Thursday, September 5, 2013

Tuesday, August 13, 2013

Grieving for Leaving Nebraska

Yesterday morning, the moving trucks left our Diablo Dr. house. This was the house we lived in for 11 years, in a city we lived in for 15 years. Our children had known only one house to this point, and when we left Lincoln late in the afternoon, it was incredibly difficult to do. Along with our neighbors and friends, we all cried. Our two oldest didn't want to leave the house at all; and the rest of us hurt in our own ways. How do you leave a place that you have loved for so long? And why do you leave a place you have loved for so long? My oldest Mia is pretty angry with me- I can tell as we have always been close and have a tight dad-daughter relationship. I think she may be a bit mad with God as well; after all, she likely thinks it was dad and God in cahoots on the idea of moving to Vancouver B.C. And if this is what she thinks, she is for the most part right.

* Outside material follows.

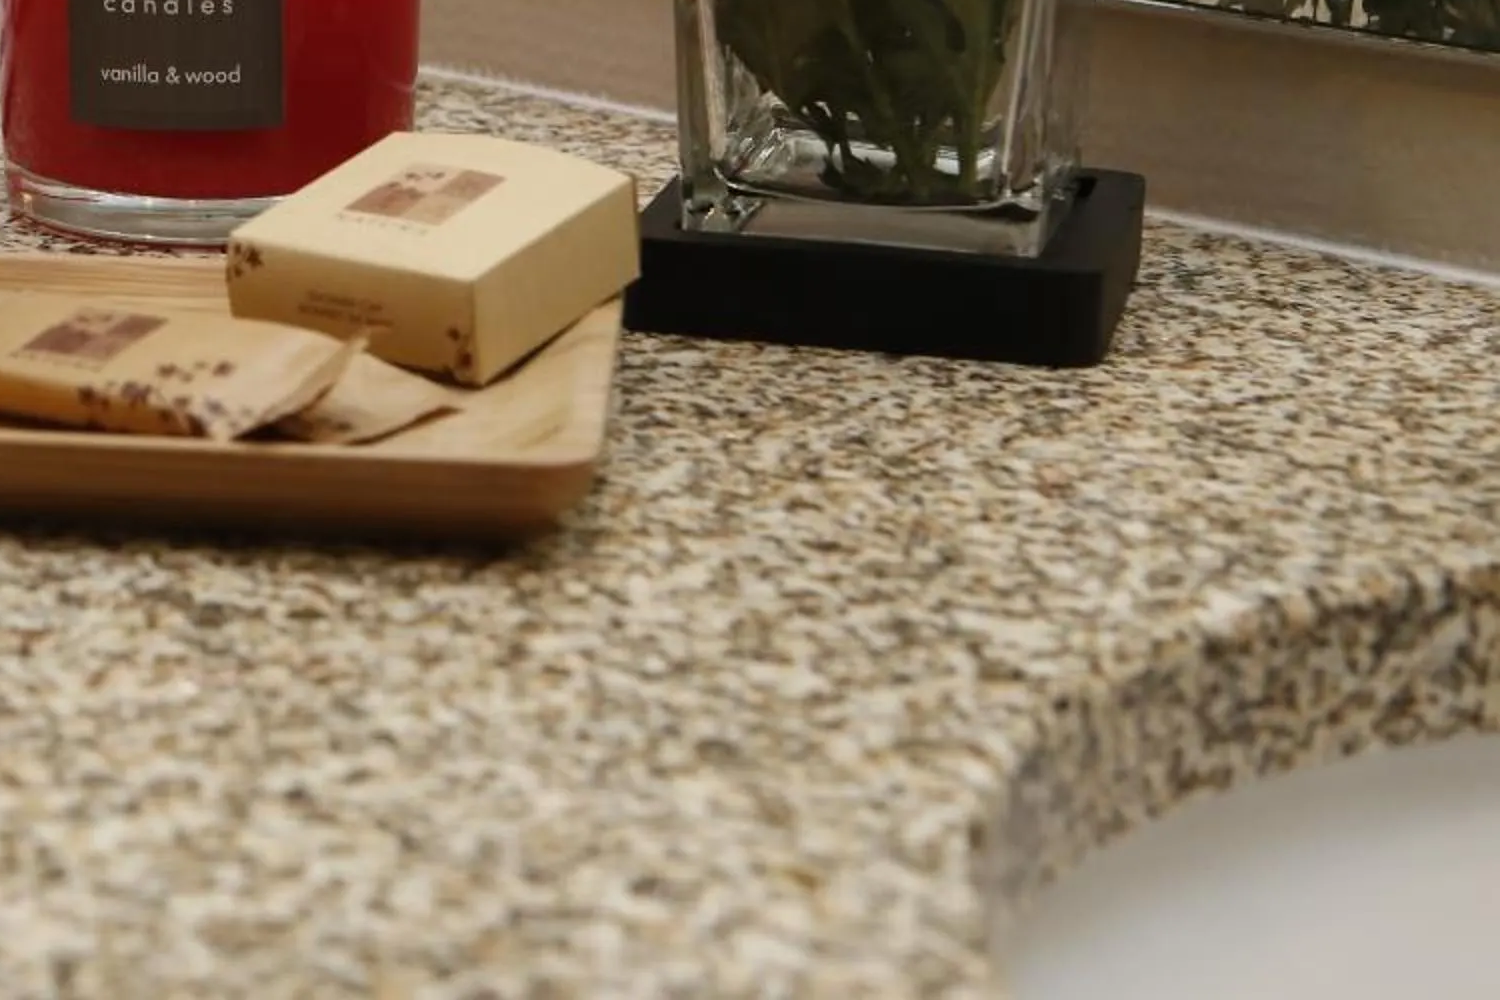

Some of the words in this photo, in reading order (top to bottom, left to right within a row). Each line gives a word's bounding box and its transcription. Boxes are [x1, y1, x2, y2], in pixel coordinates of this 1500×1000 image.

[101, 63, 159, 83] vanilla
[165, 65, 181, 84] &
[185, 64, 241, 83] wood

I don't know how to fully grieve this incredible loss, other than to write. I write- that's much of what I do. When I think of Lincoln, NE, I think of Grace Chapel and I think of our neighborhood on Diablo Dr. in particular. Someone said to me recently that there is something wholesome about Nebraska. It took me a few minutes to take in the comment, as I have been an evangelical Christian for many years now. Our first instinct as evangelicals is to assess that there is a real problem with this world, and that problem is sin. I think the instinct is right and that we must be honest about brokenness and sin in this world; however, I also think we get away from the theological notion of Common Grace that often permeates a people and a place as well. After all, we are His creatures (apart from redemption in Christ) and this is His world (apart from the New Heavens and New Earth). This is not to say that we no longer need to be redeemed or that this world doesn't need the transforming power of Christ and the hope of the New Heavens and the New Earth; but, it is to say that all good gifts in which we partake come from the Father of Lights (James 1:17).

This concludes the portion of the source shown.